In 2000, when Newhouse paid $32 million for “Number 7A,” Pollock’s auction record was $11.5 million, which had been established by Sotheby’s in 1989 for another painting, “Number 8” (1950), according to Artnet price database.
Rotter’s boss, Tobias Meyer, tasked him with accompanying the painting during its delivery to Newhouse. “I wasn’t supposed to leave it out of my sight,” he recalled this week. So, when the painting was squeezed into the elevator, he crouched on the floor as it went up to Newhouse’s spectacular apartment in the UN Plaza, a high-rise overlooking the United Nations.
He’s been sharing the anecdote with prospective buyers this month to highlight the work’s provenance and rarity throughout the decades.
“They love the idea that there was a price of $32 million when I delivered the Pollock to S.I.” Rotter said. “A story like this makes it very real.”
On May 18, Rotter was the one to place the winning bid on behalf of an anonymous client, prevailing in a seven-minute, six-way bidding war at Christie’s Rockefeller Center headquarters. It was a record for the artist, and the fourth highest price for any artwork at auction.
“Collectors are willing to chase unique works with incredible stories,” he said. “When you bring the material, and the confidence at the highest levels is strong, the rest of the market follows, and that’s where we are.
He declined to reveal the identities of the buyers, citing confidentiality. (A representative for hedge fund boss Ken Griffin, the biggest whale in recent years, said it wasn’t him who purchased the Pollock.)

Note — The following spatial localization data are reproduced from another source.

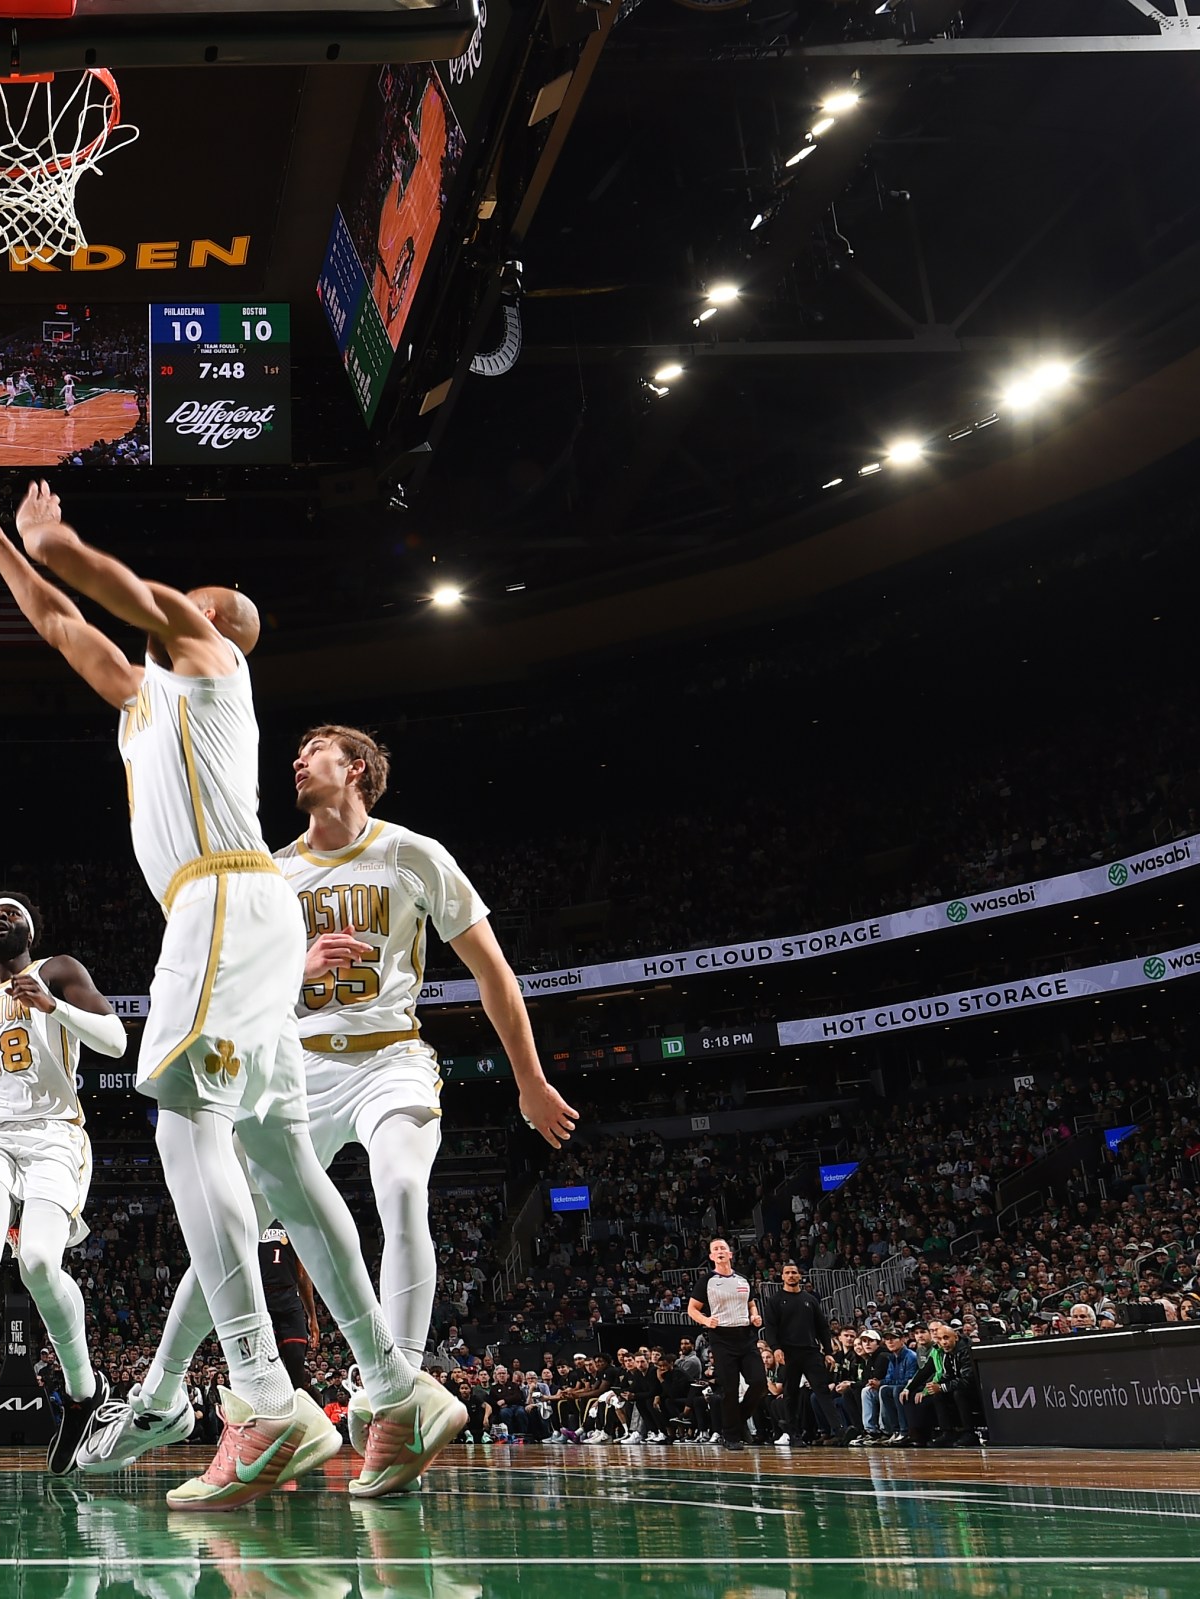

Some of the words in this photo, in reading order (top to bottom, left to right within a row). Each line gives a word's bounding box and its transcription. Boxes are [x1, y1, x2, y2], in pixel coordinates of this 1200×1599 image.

[164, 308, 205, 316] PHILADELPHIA
[242, 307, 267, 316] BOSTON
[172, 321, 202, 341] 10
[242, 320, 272, 341] 10
[161, 366, 174, 375] 20
[199, 361, 245, 379] 7:48
[264, 366, 279, 375] 1st
[165, 400, 276, 434] Different
[197, 421, 263, 450] Here
[1130, 845, 1191, 876] wasabi
[300, 884, 390, 936] OSTON
[970, 886, 1035, 914] wasabi
[643, 957, 687, 977] HOT
[696, 946, 773, 968] CLOUD
[782, 924, 881, 957] STORAGE
[527, 970, 581, 991] wasabi
[823, 1016, 866, 1037] HOT
[875, 1001, 950, 1028] CLOUD
[958, 978, 1069, 1013] STORAGE
[664, 1041, 682, 1053] TD
[702, 1036, 730, 1049] 8:18
[733, 1033, 753, 1046] PM
[446, 1068, 452, 1076] 7
[554, 1195, 586, 1203] ticketmaster
[273, 1249, 281, 1263] 1
[11, 1321, 23, 1332] GET
[11, 1332, 23, 1343] THE
[14, 1344, 27, 1356] App
[1043, 1385, 1066, 1408] Kia
[1069, 1383, 1128, 1408] Sorento
[1130, 1378, 1200, 1406] Turbo-H
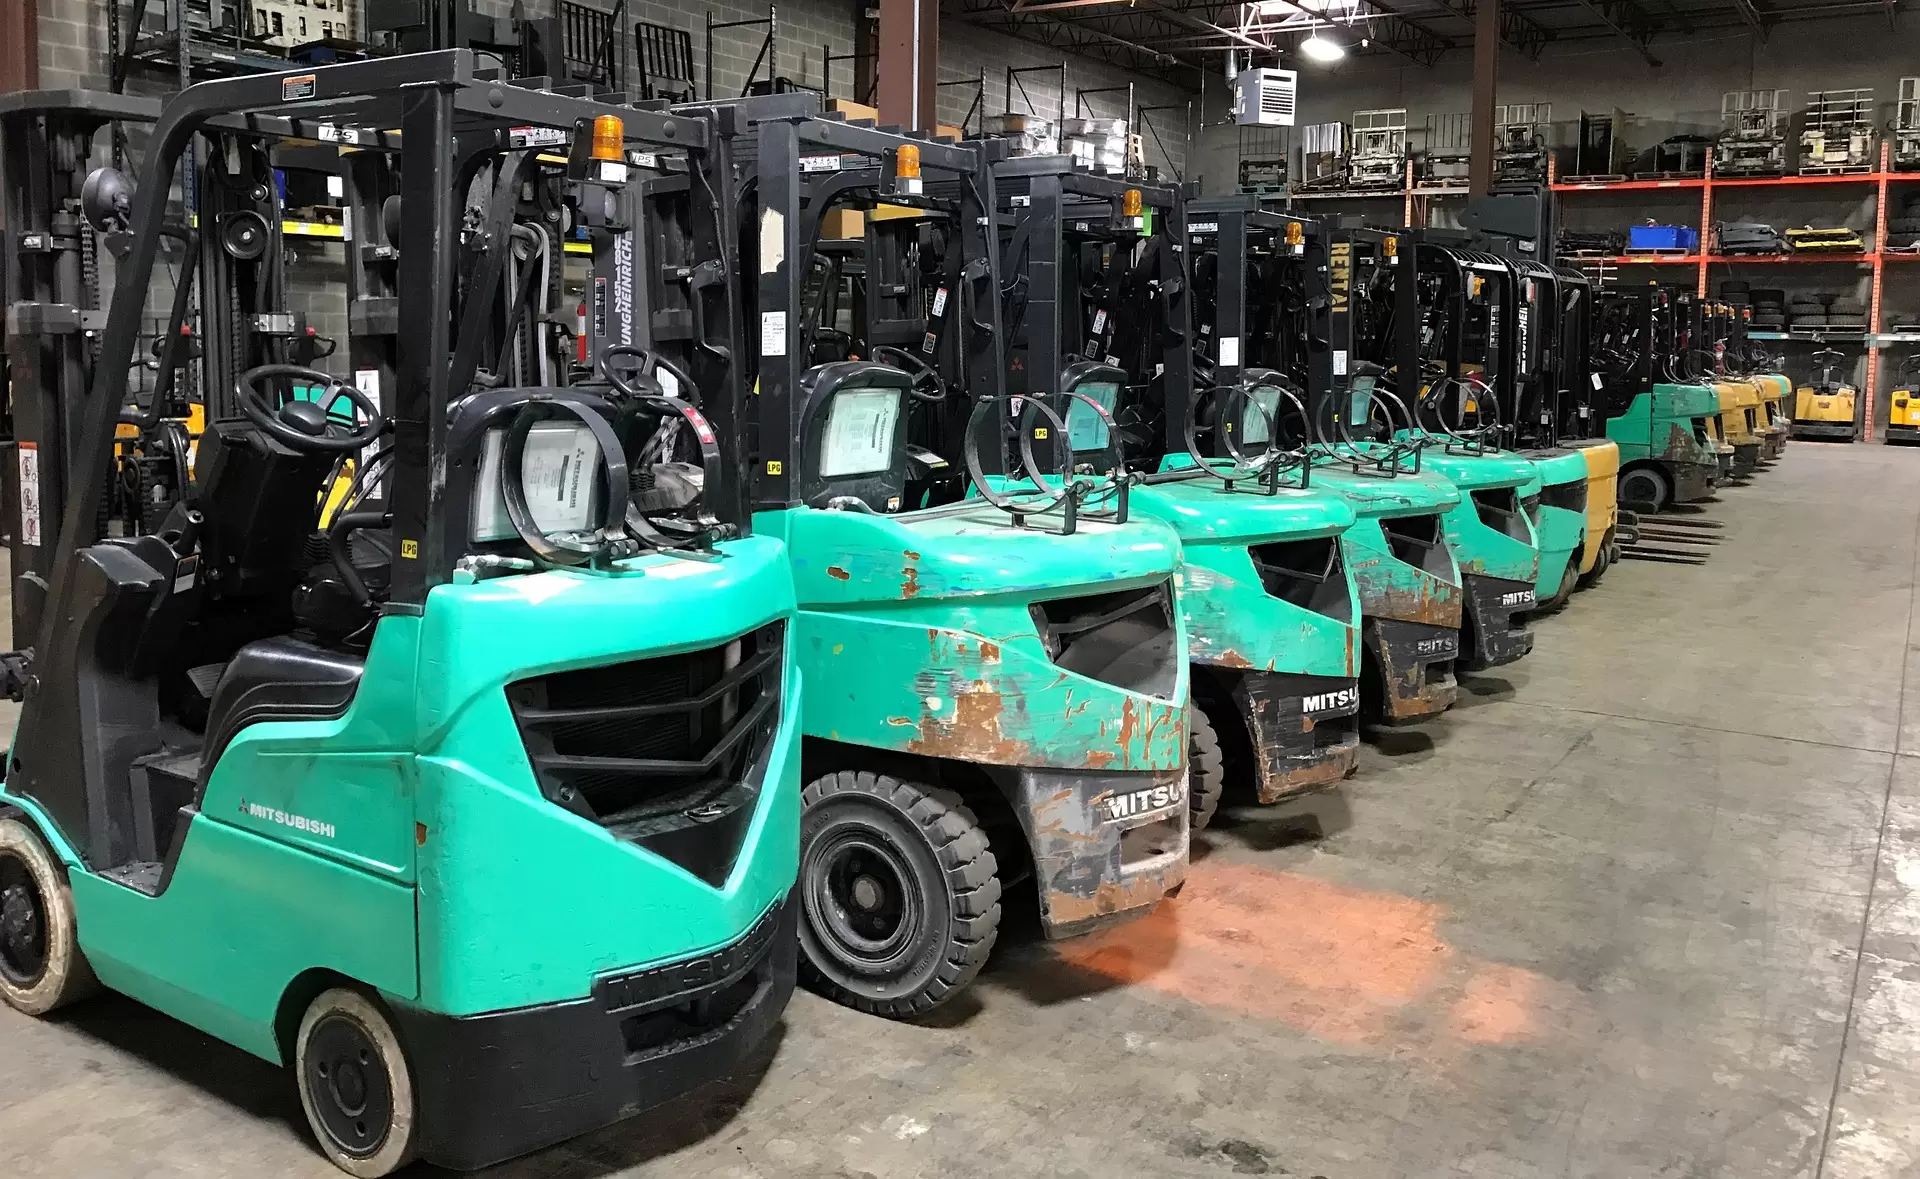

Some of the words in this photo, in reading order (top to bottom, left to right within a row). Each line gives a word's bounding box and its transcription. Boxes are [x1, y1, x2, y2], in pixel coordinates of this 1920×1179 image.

And the sales aren’t just happening in New York auction houses, they’re being driven by US buyers.
“America is the driving force,” Rotter said. “There is not much bidding coming from the Middle East. Asia is still there, but I don’t see them at the super high end now.”
Some of the euphoria has trickled down from the top to lower price levels. Christie’s day auction of Impressionist and Modern art works on paper totaled $21.2 million, the highest result in the company’s history.
A boutique company, Fair Warning, sold a 2012 painting by Banksy, “Girl and Balloon on Found Landscape,” for $17.9 million during a private, single-lot auction at Tiffany’s on May 20. There, a few dozen invited guests, many of them art market insiders, mingled over martinis and black caviar canapes dotted with gold leaf.
Battles also raged in the $1 million to $10 million range, according to Philip Hoffman, head of the Fine Art Group that advises art investors. He had 30 clients bidding in New York this week, but only five succeeded, he said. Among the purchases was a Willem de Kooning painting that hammered at $6 million, although that was the low estimate, he said. Driving the demand is the quality of art which has come up on the block.
“People have abstained from buying for the last two or three years,” Hoffman said.
“They didn’t know what to buy, there was no quality to buy. [Now] people have made a lot of money. The Stock market is high. They are ready to buy at all levels. If they weren’t successful on one lot, they are back on the next.”
For Slifka, the Upper East Side collector, the real question is: What’s the art world equivalent of a coveted beachfront property, and which artists and works now represent the best of the best and have staying power?
“The Pollock may be the best work to come to auction in the last decade, there was never a question that Newhouse and Mnuchin had great collections and superb taste … the market just put a value to manifestations of great 20th century art.”